Jackson Park

Jackson Park by Charlotte Carter is a run-don’t-walk-to-read novel if you love the following…
Riveting mysteries with twist endings…
Compelling first-person narratives by likeable characters–-in this case, Cassandra, a 20-year-old college student…
South side of Chicago settings…
Gutsy female protagonists who are unafraid to follow the case wherever it leads–meet Ivy, Cassandra’s 60-something-year-old grandaunt.
Stories set in the `60s–in this case, the weeks after the assassination of Martin Luther King Jr.--if you were around, you remember that time. Even if you don't want to...

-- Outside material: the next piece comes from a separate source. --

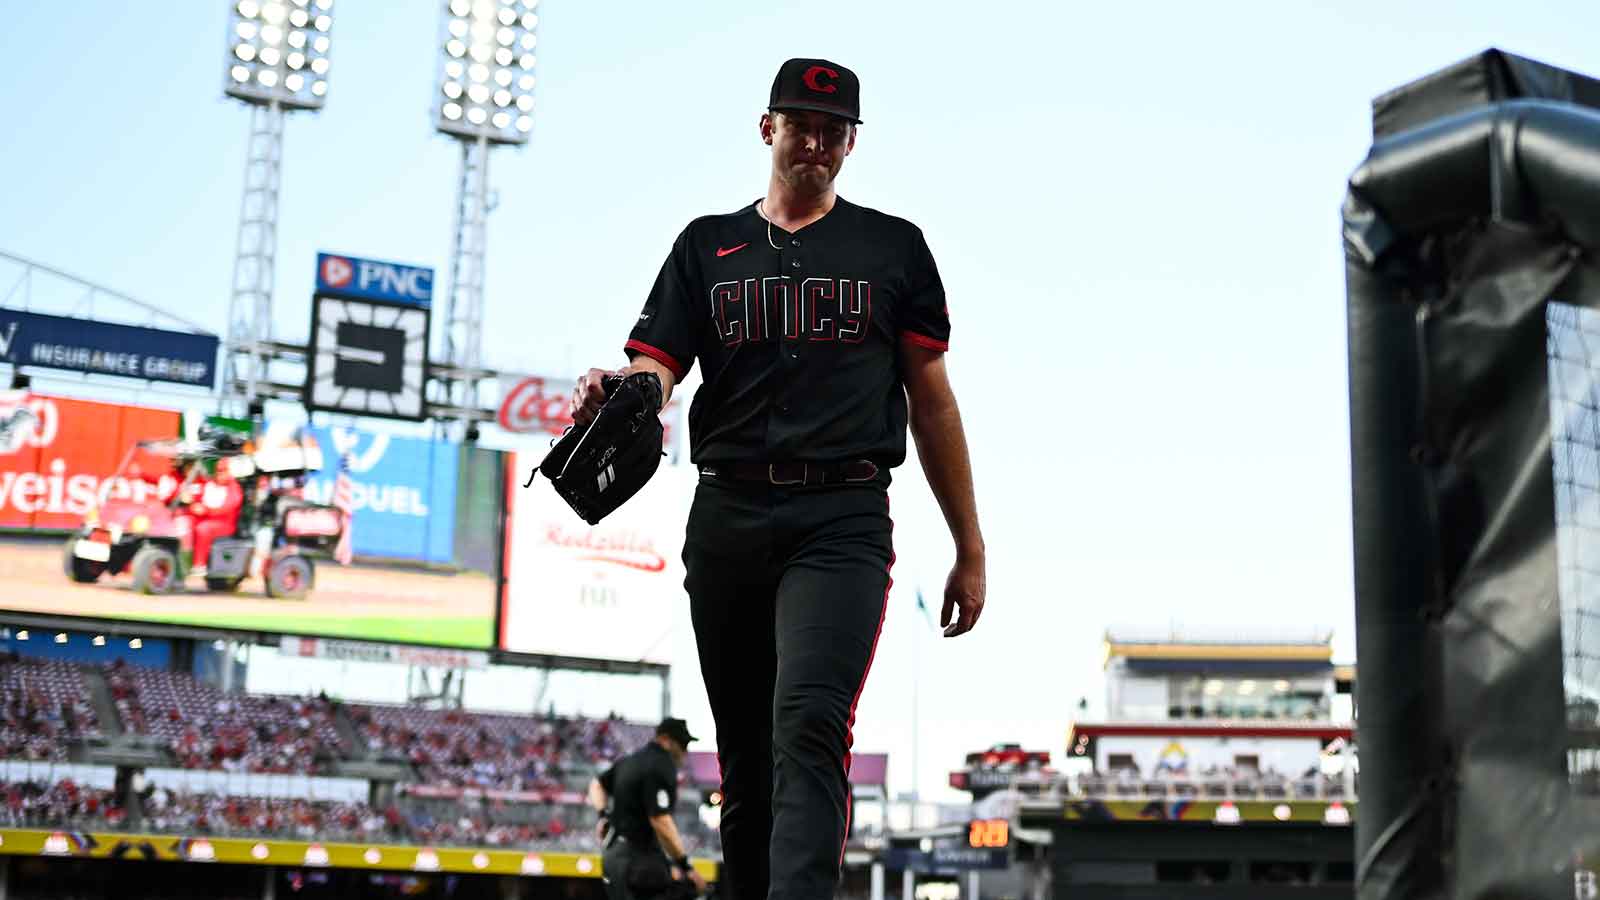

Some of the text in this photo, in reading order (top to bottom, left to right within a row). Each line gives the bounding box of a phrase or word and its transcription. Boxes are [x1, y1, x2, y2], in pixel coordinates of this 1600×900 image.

[802, 65, 840, 94] C
[359, 261, 432, 299] PNC
[31, 342, 207, 384] INSURANCE GROUP

Great stuff, Charlotte Carter...
Novels by overlooked writers who deserve more credit than they’ve received–like Charlotte Carter…
Passages like this…
“As we drove away from the inn, we were all silent. Night was falling and the streets seemed to empty instantaneously. A far cry from the usual tableau of colored folks out to get what they could from the night. Because of the curfew that had been imposed, only a few taverns remained open, and in the dusk their neon signs shimmered like lonely apparitions.”
Or this...
"My granduncle Woodson Lyle had also been a collector for a colored mobster, a bootlegger, a hired hand for generations of dirty Chicago politicians, the mastermind behind the booming policy racket, the moneyman in a long-established illegal betting parlor. So it was said."
In other words, someone it might be helpful to know.
Jackson Park was published in 2003. I found my way to it by reading a review of Beauty in the Blood, Carter’s latest novel.
I checked it out of the library--you can also buy it online.